Successful deployment depends on the following 3 files, borrowed from the original Azure ML examples repo: inference model, environment configuration and scoring script.
sklearn_regression_model.pkl is a SciKit-Learn sample regression model in a pickle format. We'll re-use it "as is".
conda.yaml is our Conda file, to define running environment for our machine learning model. It has been modified to include the following AzureML monitoring Python package.
azureml-ai-monitoring
score_datacollector.py is a Python script, used by the managed online endpoint to feed and retrieve data from our inference model. This script was updated to enable data collection operations.
Collector and BasicCorrelationContext classes are referenced, along with the pandas package. Inclusion of pandas is crucial, as Data Collector at the time of writing was able to log directly only DataFrames.
from azureml.ai.monitoring import Collector
from azureml.ai.monitoring.context import BasicCorrelationContext
import pandas as pd
init function initialises global Data Collector variables.
global inputs_collector, outputs_collector, artificial_context
inputs_collector = Collector(name='model_inputs')
outputs_collector = Collector(name='model_outputs')
artificial_context = BasicCorrelationContext(id='Laziz_Demo')
"model_inputs" and "model_outputs" are reserved Data Collector names, used to auto-register relevant Azure ML data assets.
run function contains 2 data processing blocks.
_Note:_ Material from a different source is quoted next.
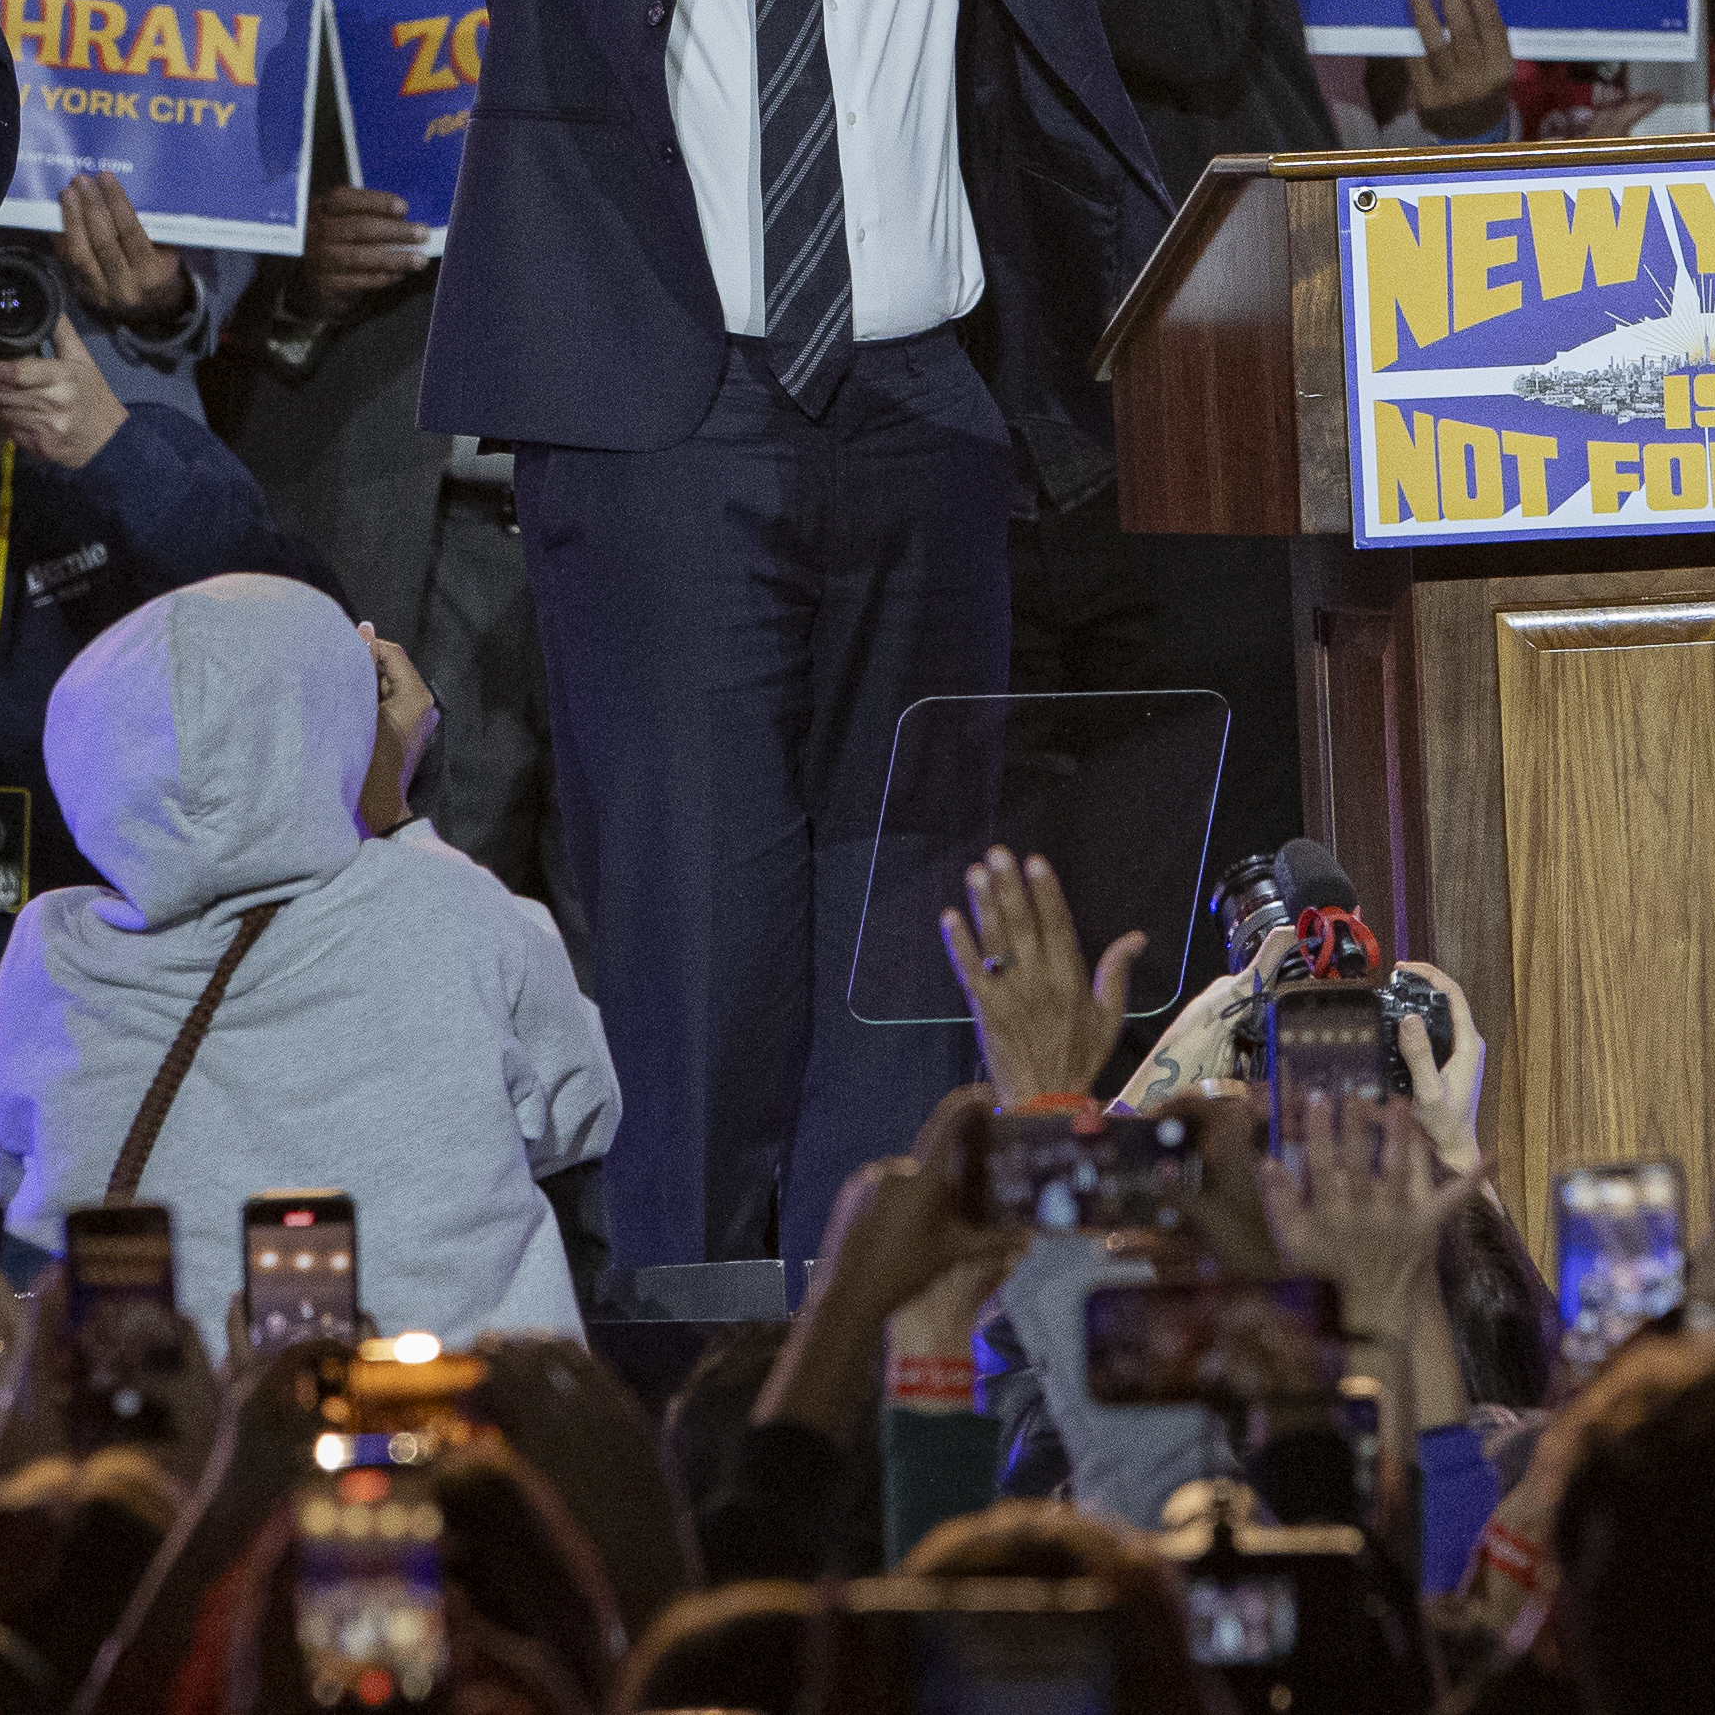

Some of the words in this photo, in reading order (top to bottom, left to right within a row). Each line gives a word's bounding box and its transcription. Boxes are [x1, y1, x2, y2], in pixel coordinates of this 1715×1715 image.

[40, 84, 139, 120] YORK
[148, 93, 235, 130] CITY
[1365, 185, 1652, 374] NEW
[1372, 398, 1559, 525] NOT
First, we convert our input inference data into pandas DataFrame to log it along with our correlation context.
input_df = pd.DataFrame(data)
context = inputs_collector.collect(input_df , artificial_context)
The same operation is then performed with the model's prediction to log it in the Data Collctor's output.
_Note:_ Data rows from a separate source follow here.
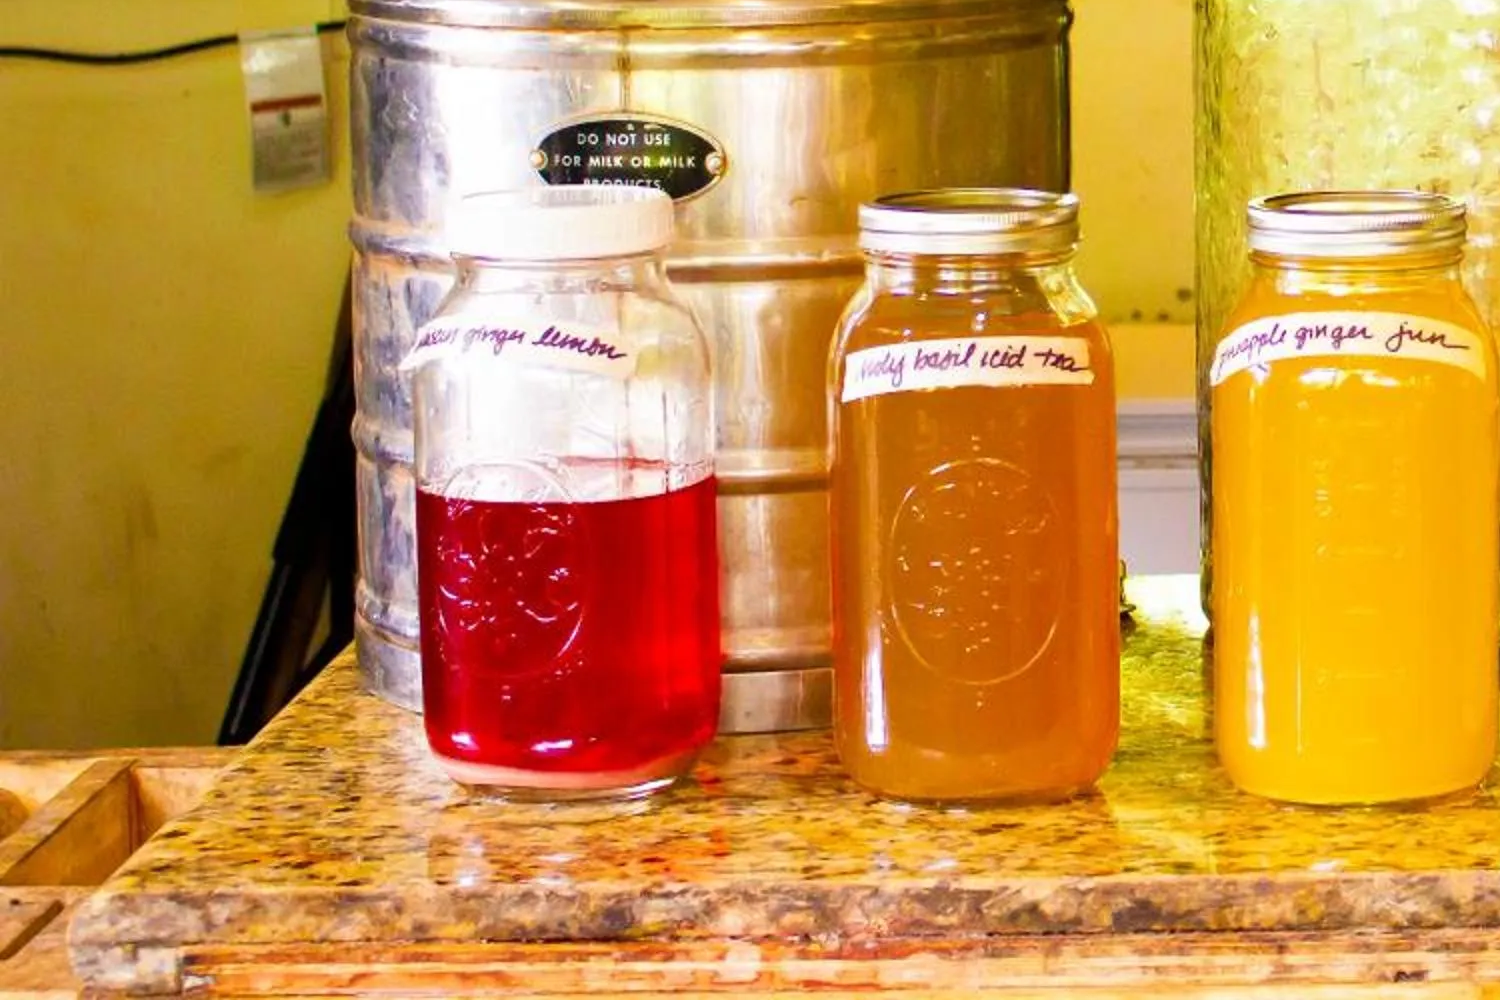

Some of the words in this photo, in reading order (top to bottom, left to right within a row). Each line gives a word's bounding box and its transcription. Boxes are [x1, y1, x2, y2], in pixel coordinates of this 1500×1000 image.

[577, 134, 598, 146] DO
[606, 133, 637, 146] NOT
[644, 133, 671, 146] USE
[554, 156, 581, 167] FOR
[589, 156, 623, 168] MILK
[631, 156, 651, 168] OR
[659, 156, 696, 168] MILK
[532, 325, 627, 359] lemon
[1295, 324, 1373, 350] ginger
[913, 342, 977, 371] basil
output_df = pd.DataFrame(result)
outputs_collector.collect(output_df, context)
To deploy and test Data Collector, you can execute cells in the provided Jupyter notebook.
You would need to set values of your Azure subscription, resource group and Azure ML workspace name.
subscription_id = "<YOUR_AZURE_SUBSCRIPTION>"
resource_group_name = "<YOUR_AZURE_ML_RESOURCE_GROUP>"
workspace_name = "<YOUR_AZURE_ML_WORKSPACE>"
You may upload local model for initial testing (Option 1).
model = Model(path = "./model/sklearn_regression_model.pkl")
However, recommended and more robust option is to register the model in your Azure ML (Option 2), as it provides better management control, eliminates model's re-upload and enables more controlled reproducibility of the testing results.
file_model = Model(
path="./model/",
type=AssetTypes.CUSTOM_MODEL,
name="scikit-model",
description="SciKit model created from local file",
)
ml_client.models.create_or_update(file_model)
Ensure that you refer the right version of your registered inference model and environment.
model = "scikit-model:1"
env = "azureml:scikit-env:2"
You need to enable explicitly both input and output collectors, referred in the scoring script.
collections = {
'model_inputs': DeploymentCollection(
enabled="true",
),
'model_outputs': DeploymentCollection(
enabled="true",
)
}
data_collector = DataCollector(collections=collections)
Those values can be passed then to data_collector parameter of ManagedOnlineDeployment.
deployment = ManagedOnlineDeployment(
...
data_collector=data_collector
)
Once the inference model is deployed to managed online endpoint, you can test data logging with provided sample-request.json file.
ml_client.online_endpoints.invoke(
endpoint_name=endpoint_name,
deployment_name="blue",
request_file="./sample-request.json",
)
Logged inference data can be found in workspaceblobstore (Default), unless you define custom paths for the input and output data collectors in Step 2.4 above.